Heading toward the Humber River, Mattson indicated one of his big projects for that summer. ‘Sunnyside Beach is a stolen place,’ he said. ‘It used to be a hallmark of the Toronto social scene. Then they built the expressway and just cut it off.’ Beaches were a major concern for Mattson. Asking cities to ensure Lake Ontario is clean enough to swim in might seem like asking them to take responsibility for the weather, but Mattson pointed out that much of the pollution in the Toronto harbour was caused by old city-owned dumps leaking pollutants into the water and city storm drains’ sewage overflowing into the water. Besides, he pointed out, the prosecutor’s job is not to find a solution, but to point out the problem and assign guilt. ‘If you broke into my house and stole my jewellery, and the cops take you to court,’ Tully told me, ‘they don’t have to explain to the judge how to get you to stop stealing. That’s not their responsibility.’
Up the Humber River near Old Mill subway station, we encountered King’s Mill Park, a Waterkeeper success story. It was a small, grassy marina where families barbecue and people come to fish. It’s also the site of a former dump. In 2001, Mattson found that ammonia and PCBs were leaking into the river in outrageous quantities. He took samples and submitted a brief to the Ministry of the Environment. Eventually, in 2003, the site was cleaned. Good thing, too – two fishermen were casting lines nearby.
Activist energy was hardly restricted to th
e likes of Mattson or Meslin and Blackett. In fact, the further you got from city hall and the issues that typically motivate protest movements, the more you saw the city’s business and cultural communities still thriving. In fact, they seemed to be thriving even more than before. Trampoline Hall was one tiny pebble in an avalanche of cultural activity that was creating excitement in a thousand small and large, and variously interconnected, ways. As Misha Glouberman, the Trampoline Hall host, told me then, ‘Cultural history is happening.’
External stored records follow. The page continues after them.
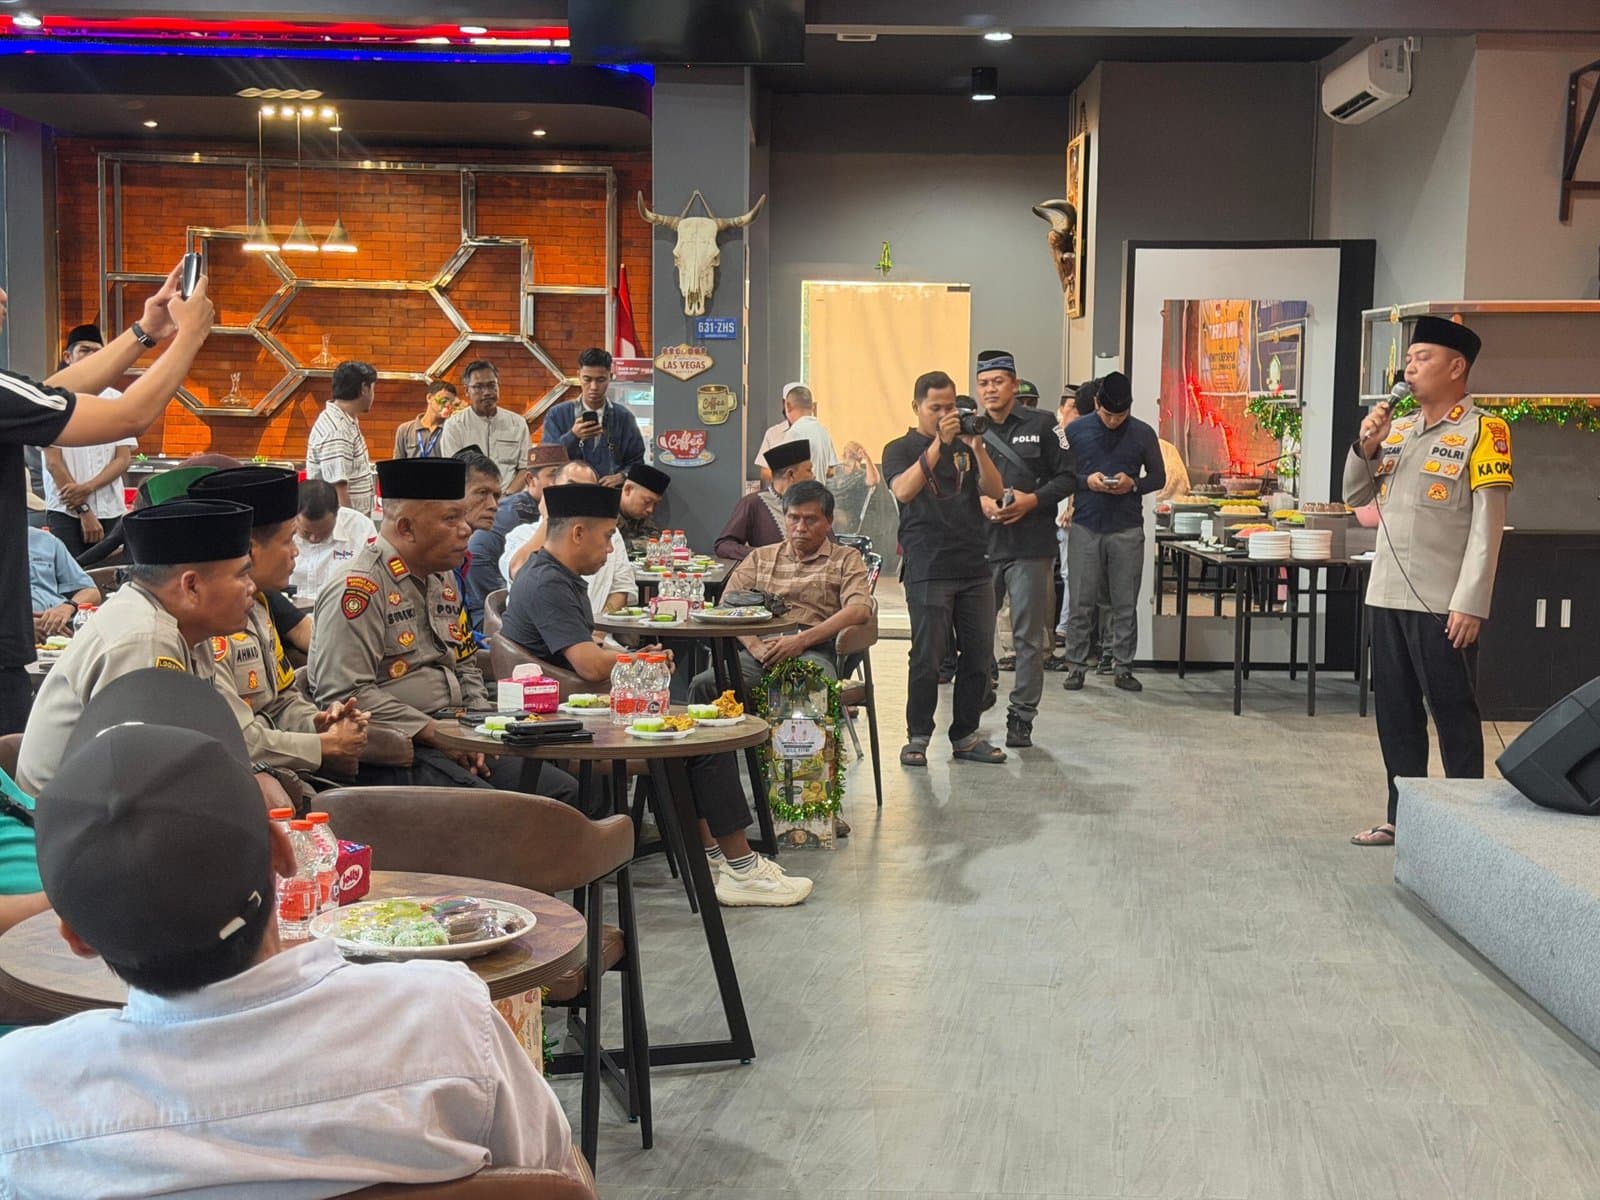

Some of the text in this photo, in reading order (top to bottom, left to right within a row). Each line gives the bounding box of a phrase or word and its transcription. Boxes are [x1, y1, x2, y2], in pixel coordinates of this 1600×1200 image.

[662, 360, 677, 370] LAS
[680, 360, 706, 370] VEGAS
[668, 430, 704, 450] Coffee
[1012, 435, 1040, 444] POLRI
[1431, 446, 1465, 460] POLRI
[1477, 462, 1493, 477] KA
There was the Wavelength music series and the monthly Vazaleen, a queer dance party, which together gave birth to a Toronto music scene that produced acts like Feist, the Constantines, Broken Social Scene, Metric and the Hidden Cameras. Outside the clubs, you could find it in the parks: in the mid-1990s, local residents led by local gadfly and organizer Jutta Mason, took over the neglected, drug-infested Dufferin Grove Park and slowly started transforming it into a community hub, installing pizza ovens, rebuilding the playground and adding a weekly farmers' market. As Mason once told Toronto Star journalist Catherine Porter, the Friends of Dufferin Grove Park, as the group calls itself, has worked against the bureaucracy of the city, finding loopholes in regulations to allow their volunteer construction and supervision of activities, and persistently doing things for itself – with or without permission – rather than waiting for the city to act on requests.